- Problem Statement: Create a clear, concise statement of the problem.
- Problem Description: Identify the symptoms. What works? What doesn't?
- Identify Differences and Changes: What has changed recently? What is unique about this system?
- Brainstorm: Gather Hypotheses: What might have caused the problem?
- Identify Likely Causes: Which hypotheses are most likely?
- Test Possible Causes: Schedule the testing for the most likely hypotheses. Perform any non-disruptive testing immediately.
- Implement the Fix: Complete the repair.
- Verify the Fix: Is the problem really fixed?
- Document the Resolution: What did we do? Get a sign-off from the system owner.
The problem statement must be broad enough to describe the problem, but narrow enough to focus the investigation. It should not contain value judgements. It should be a factual answer to the question "What is wrong?"
Gather all symptoms, including error messages, core dumps, descriptions of any service outages, and contrasting descriptions of what still works. As near as possible, we need to identify the time of the incident.
Identify Differences and Changes
Identify differences between the faulted system and any similar working systems. Also identify any recent changes to the system.
In this stage, we need to come up with as many possible explanations for the problem as possible. It is sometimes helpful (especially in a group setting) to use an Ishikawa diagram to organize our thoughts so that we don't leave any possibilities unconsidered.
Generate an Ishikawa diagram by drawing a backbone arrow pointing to the right at the problem statement. Then attach 4-6 ribs, each of which represents a major broad category of items which may contribute to the problem. Each of our components should fit on one or another of these ribs.
Identify Likely Causes
We need to consider how likely each potential cause is. We should only eliminate hypotheses when they are absolutely disproven.
For more complex problems, something like an Interrelationship Diagram may be useful in identifying which potential cause may be might be a root cause.
Interrelationship Diagrams use boxes containing phrases describing the potential causes. Arrows between the potential causes demonstrate influence relationships between these issues. Each relationship can only have an arrow pointing in one direction. (Where the relationship's influence runs in both directions, the troubleshooters must decide which one is predominant.) Items with more out arrows than in arrows are causes. Items with more in arrows are effects.
Test Possible Causes
We need to perform testing in the least disruptive fashion possible. Data should be backed up if possible before testing proceeds.

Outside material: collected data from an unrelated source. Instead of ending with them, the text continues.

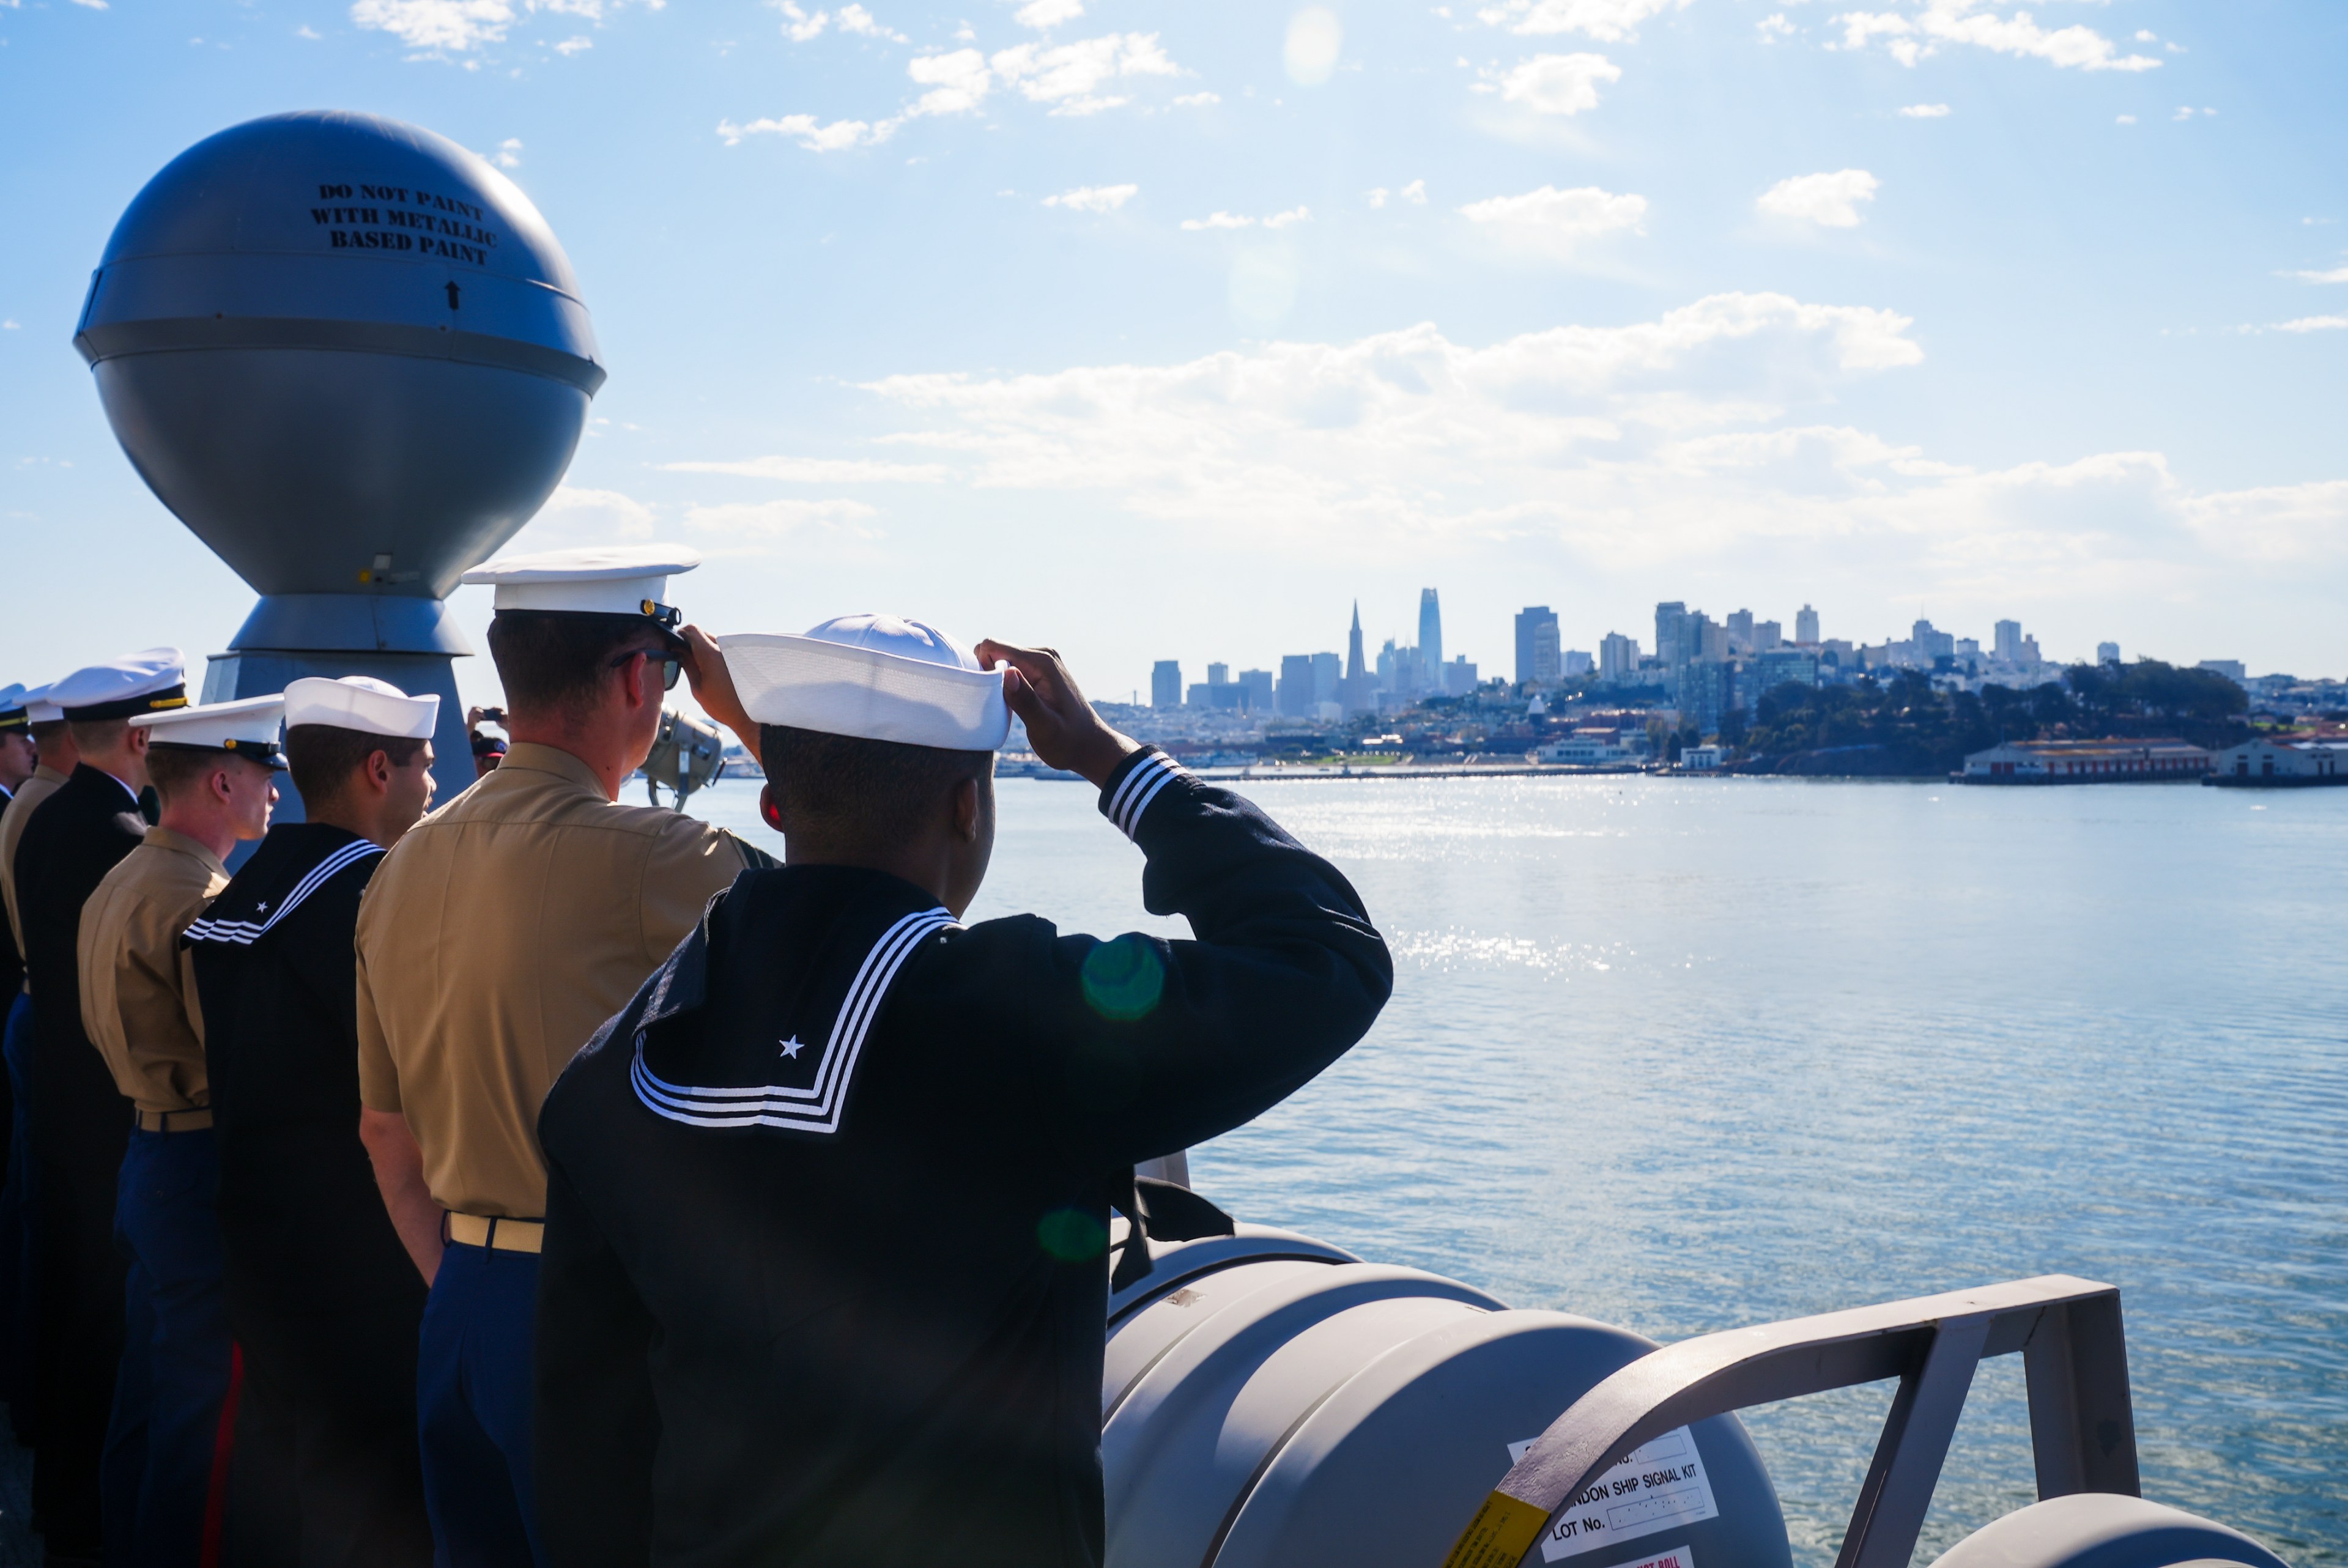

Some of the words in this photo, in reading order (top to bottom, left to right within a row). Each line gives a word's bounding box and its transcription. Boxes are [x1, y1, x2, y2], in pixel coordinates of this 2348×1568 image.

[319, 184, 353, 200] DO
[361, 185, 409, 202] NOT
[416, 190, 484, 221] PAINT
[311, 207, 379, 225] WITH
[387, 209, 498, 248] METALLIC
[330, 230, 412, 250] BASED
[419, 236, 487, 265] PAINT
[1612, 1477, 1639, 1496] SHIP
[1642, 1468, 1681, 1488] SIGNAL
[1681, 1463, 1697, 1479] KIT
[1552, 1520, 1577, 1541] LOT
[1582, 1517, 1605, 1533] No.

The best approach is to schedule testing of the most likely hypotheses immediately. Then start to perform any non-disruptive or minimally disruptive testing of hypotheses. If several of the most likely hypotheses can be tested non-disruptively, so much the better. Start with them.

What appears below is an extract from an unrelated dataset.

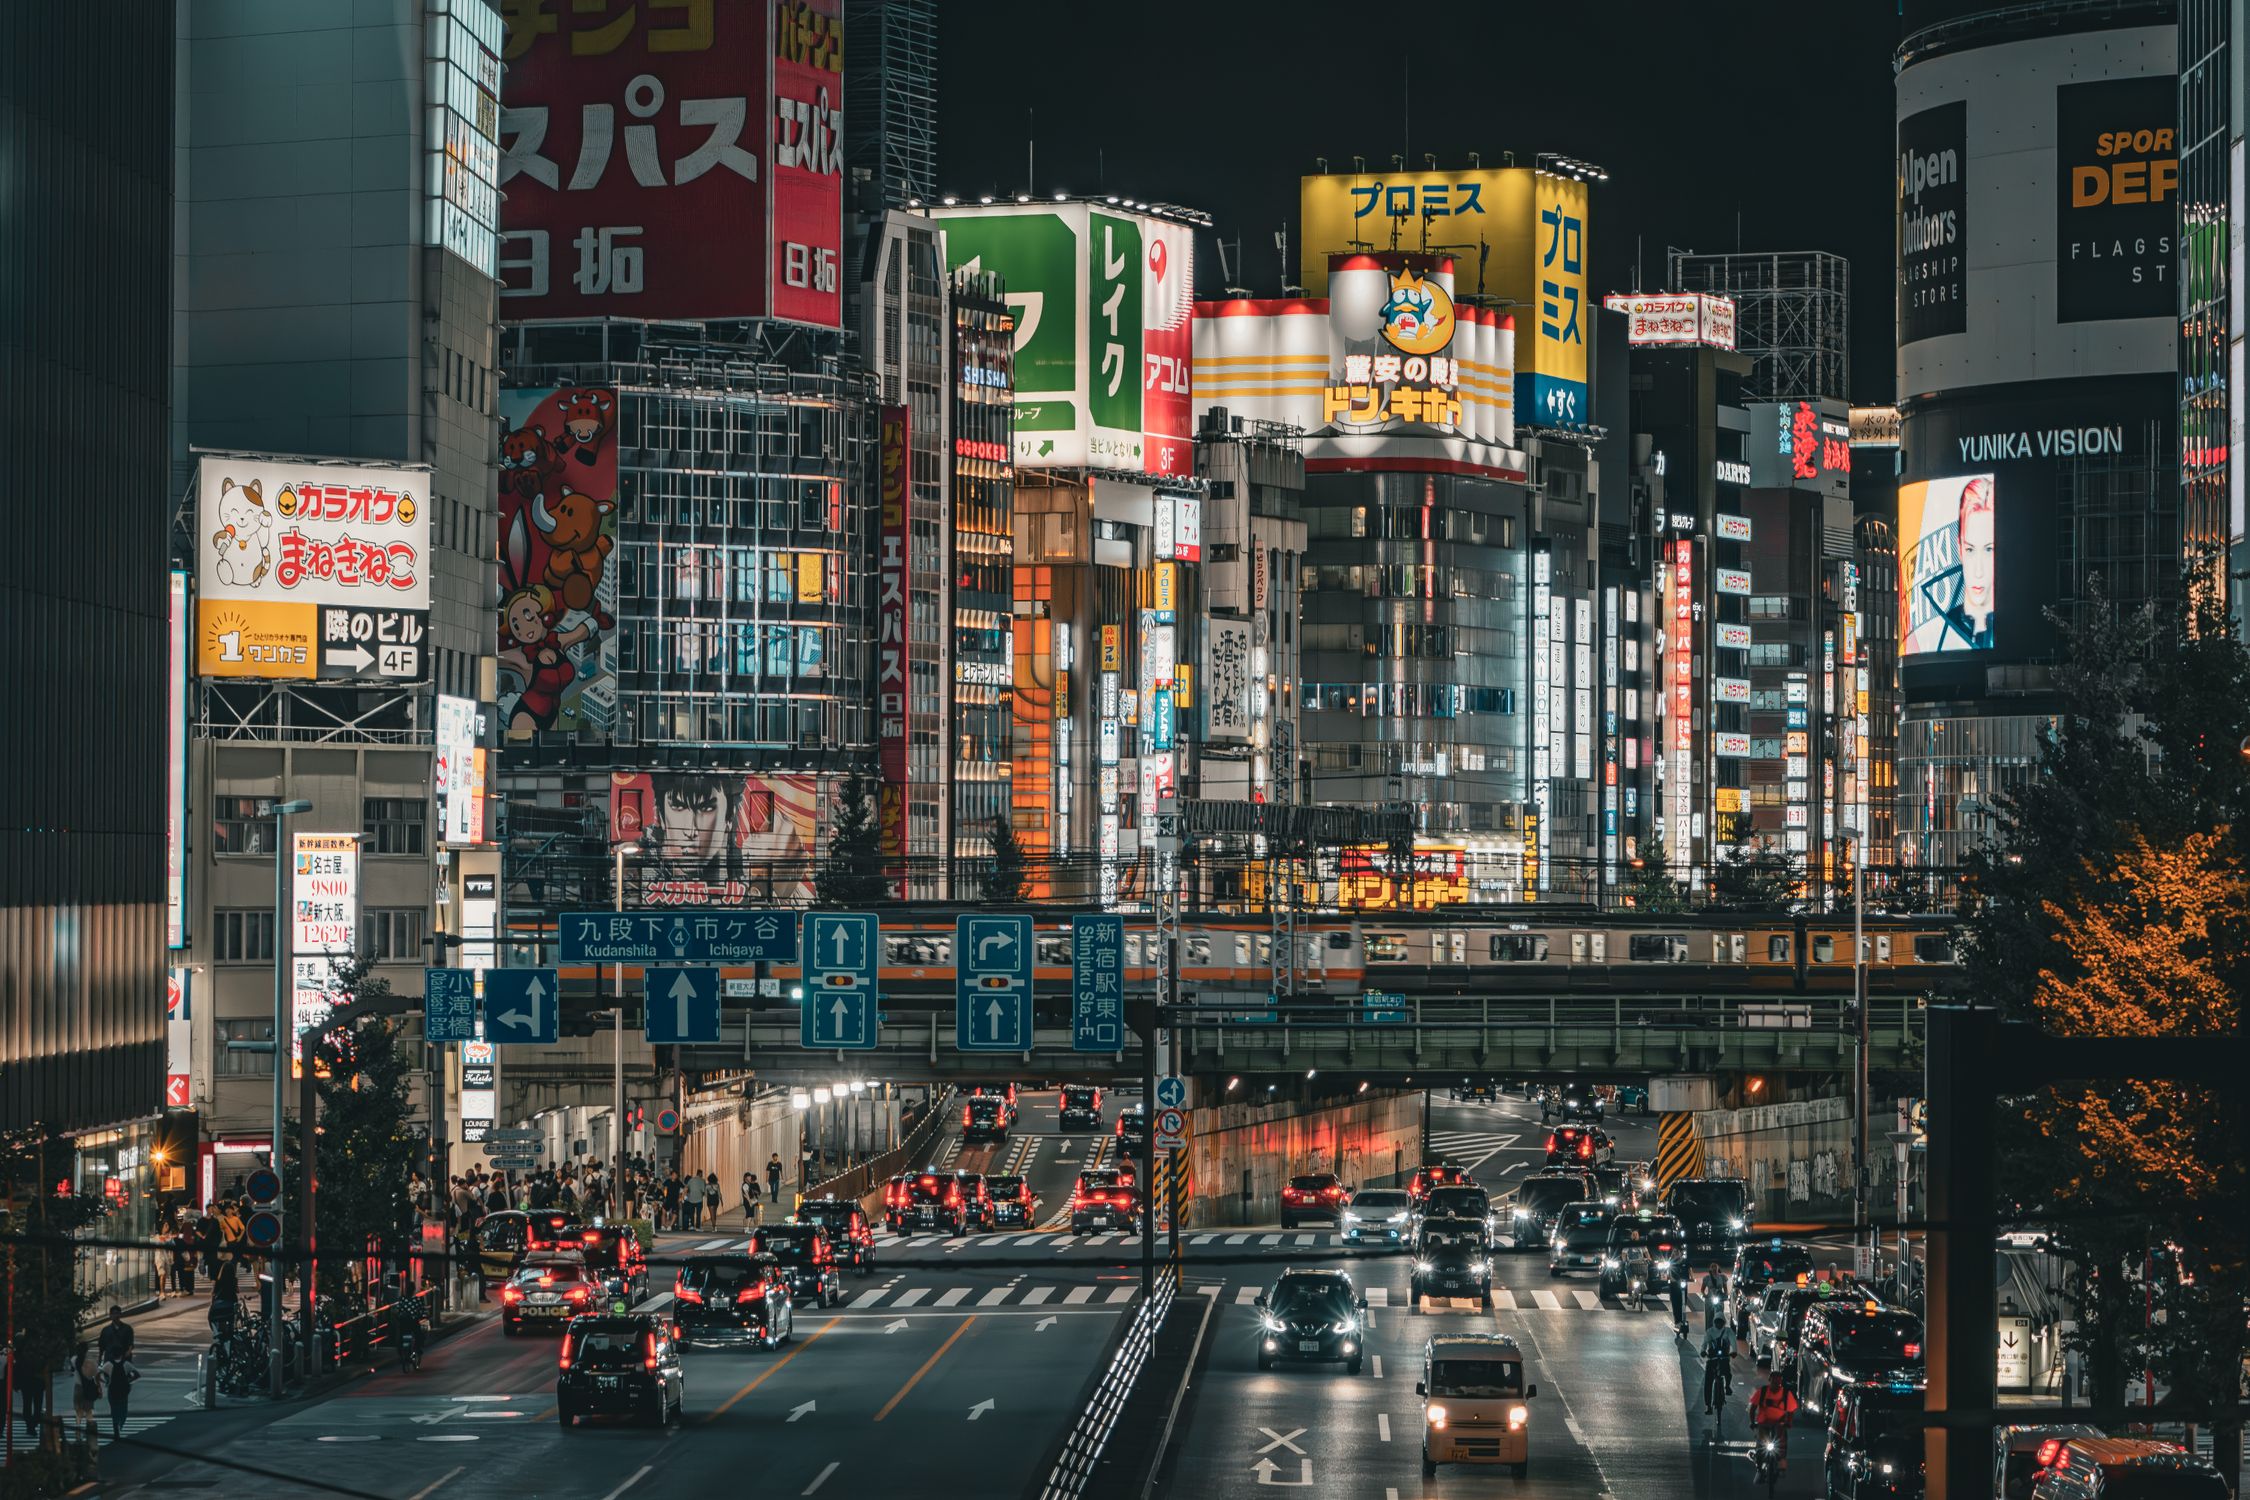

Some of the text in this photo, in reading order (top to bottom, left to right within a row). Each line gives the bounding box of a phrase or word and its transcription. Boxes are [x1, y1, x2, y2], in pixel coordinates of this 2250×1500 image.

In some cases, it may be possible to test the hypothesis directly in some sort of test environment. This may be as simple as running an alternative copy of a program without overwriting the original. Or it may be as complex as setting up a near copy of the faulted system in a test lab. If a realistic test can be carried out without too great a cost in terms of money or time, it can really help nail down whether we have identified the root cause of the problem.
Depending on the situation, it may even be appropriate to test out the hypotheses by directly applying the fix associated with that problem. If this approach is used, it is important to only perform one test at a time, and back out the results of each failed hypotheses before trying the next one. Otherwise, you will not have a good handle on the root cause of the problem, and you may never be confident that it will not re-emerge at the worst possible moment.
Implement the Fix
The fix needs to be implemented in the least-disruptive, lowest-cost manner possible. Ideally, the fix should be performed in a way that will completely verify that the fix itself has resolved the problem.
Verify the Fix
We need to check that the problem is resolved, and also that we have not introduced any new problems. Each service in your environment should have a test suite associated with it so that you can quickly eliminate the possibility that we have introduced a new problem.
Part of this verification should include a root-cause analysis to make sure that the real problem has been resolved. Band-Aid solutions are not really solutions.
Document the Fix
Over time, the collection of data on resolved problems can become a valuable resource. It can be referenced to deal with similar problems. It can be used to track recurring problems over time, which can help with a root cause analysis. Or it can be used to continue the troubleshooting process if it turns out that the problem was not really resolved after all.